Collection entries:
○ ○ ○ ○
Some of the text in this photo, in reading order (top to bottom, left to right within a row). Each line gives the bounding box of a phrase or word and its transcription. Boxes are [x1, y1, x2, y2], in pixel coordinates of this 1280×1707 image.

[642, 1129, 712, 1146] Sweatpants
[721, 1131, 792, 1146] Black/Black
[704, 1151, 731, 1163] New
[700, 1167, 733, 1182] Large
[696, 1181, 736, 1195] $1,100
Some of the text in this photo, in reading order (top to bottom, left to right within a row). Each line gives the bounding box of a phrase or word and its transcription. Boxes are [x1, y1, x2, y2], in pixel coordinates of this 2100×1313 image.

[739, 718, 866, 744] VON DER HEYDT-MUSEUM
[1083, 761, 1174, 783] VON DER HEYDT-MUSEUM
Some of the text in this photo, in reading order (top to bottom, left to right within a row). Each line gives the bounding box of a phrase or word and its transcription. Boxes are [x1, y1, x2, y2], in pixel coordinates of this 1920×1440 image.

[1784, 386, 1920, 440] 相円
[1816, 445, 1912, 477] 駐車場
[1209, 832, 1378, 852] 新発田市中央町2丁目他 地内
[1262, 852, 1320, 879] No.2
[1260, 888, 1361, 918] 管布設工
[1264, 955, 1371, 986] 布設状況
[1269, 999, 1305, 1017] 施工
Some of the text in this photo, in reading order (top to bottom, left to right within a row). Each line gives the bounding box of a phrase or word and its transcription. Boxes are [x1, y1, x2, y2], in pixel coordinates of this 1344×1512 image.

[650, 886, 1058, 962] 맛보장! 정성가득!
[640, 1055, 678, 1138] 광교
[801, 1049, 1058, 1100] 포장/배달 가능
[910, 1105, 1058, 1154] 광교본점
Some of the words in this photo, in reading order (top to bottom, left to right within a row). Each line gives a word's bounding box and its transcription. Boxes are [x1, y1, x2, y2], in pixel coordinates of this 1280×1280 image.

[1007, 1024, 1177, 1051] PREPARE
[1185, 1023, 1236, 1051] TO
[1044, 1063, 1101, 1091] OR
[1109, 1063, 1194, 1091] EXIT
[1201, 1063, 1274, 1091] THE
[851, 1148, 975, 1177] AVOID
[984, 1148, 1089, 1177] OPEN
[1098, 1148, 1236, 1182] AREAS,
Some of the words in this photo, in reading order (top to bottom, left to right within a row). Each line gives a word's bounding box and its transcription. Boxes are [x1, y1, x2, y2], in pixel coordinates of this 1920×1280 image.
○ ○ ○ ○
Reproduce the data above in full. Leave nothing out.

Some of the text in this photo, in reading order (top to bottom, left to right within a row). Each line gives the bounding box of a phrase or word and its transcription. Boxes are [x1, y1, x2, y2], in pixel coordinates of this 1280×1707 image.

[642, 1129, 712, 1146] Sweatpants
[721, 1131, 792, 1146] Black/Black
[704, 1151, 731, 1163] New
[700, 1167, 733, 1182] Large
[696, 1181, 736, 1195] $1,100
Some of the text in this photo, in reading order (top to bottom, left to right within a row). Each line gives the bounding box of a phrase or word and its transcription. Boxes are [x1, y1, x2, y2], in pixel coordinates of this 2100×1313 image.

[739, 718, 866, 744] VON DER HEYDT-MUSEUM
[1083, 761, 1174, 783] VON DER HEYDT-MUSEUM
Some of the text in this photo, in reading order (top to bottom, left to right within a row). Each line gives the bounding box of a phrase or word and its transcription. Boxes are [x1, y1, x2, y2], in pixel coordinates of this 1920×1440 image.

[1784, 386, 1920, 440] 相円
[1816, 445, 1912, 477] 駐車場
[1209, 832, 1378, 852] 新発田市中央町2丁目他 地内
[1262, 852, 1320, 879] No.2
[1260, 888, 1361, 918] 管布設工
[1264, 955, 1371, 986] 布設状況
[1269, 999, 1305, 1017] 施工
Some of the text in this photo, in reading order (top to bottom, left to right within a row). Each line gives the bounding box of a phrase or word and its transcription. Boxes are [x1, y1, x2, y2], in pixel coordinates of this 1344×1512 image.

[650, 886, 1058, 962] 맛보장! 정성가득!
[640, 1055, 678, 1138] 광교
[801, 1049, 1058, 1100] 포장/배달 가능
[910, 1105, 1058, 1154] 광교본점
Some of the words in this photo, in reading order (top to bottom, left to right within a row). Each line gives a word's bounding box and its transcription. Boxes are [x1, y1, x2, y2], in pixel coordinates of this 1280×1280 image.

[1007, 1024, 1177, 1051] PREPARE
[1185, 1023, 1236, 1051] TO
[1044, 1063, 1101, 1091] OR
[1109, 1063, 1194, 1091] EXIT
[1201, 1063, 1274, 1091] THE
[851, 1148, 975, 1177] AVOID
[984, 1148, 1089, 1177] OPEN
[1098, 1148, 1236, 1182] AREAS,
Some of the words in this photo, in reading order (top to bottom, left to right within a row). Each line gives a word's bounding box and its transcription. Boxes are [x1, y1, x2, y2], in pixel coordinates of this 1920×1280 image.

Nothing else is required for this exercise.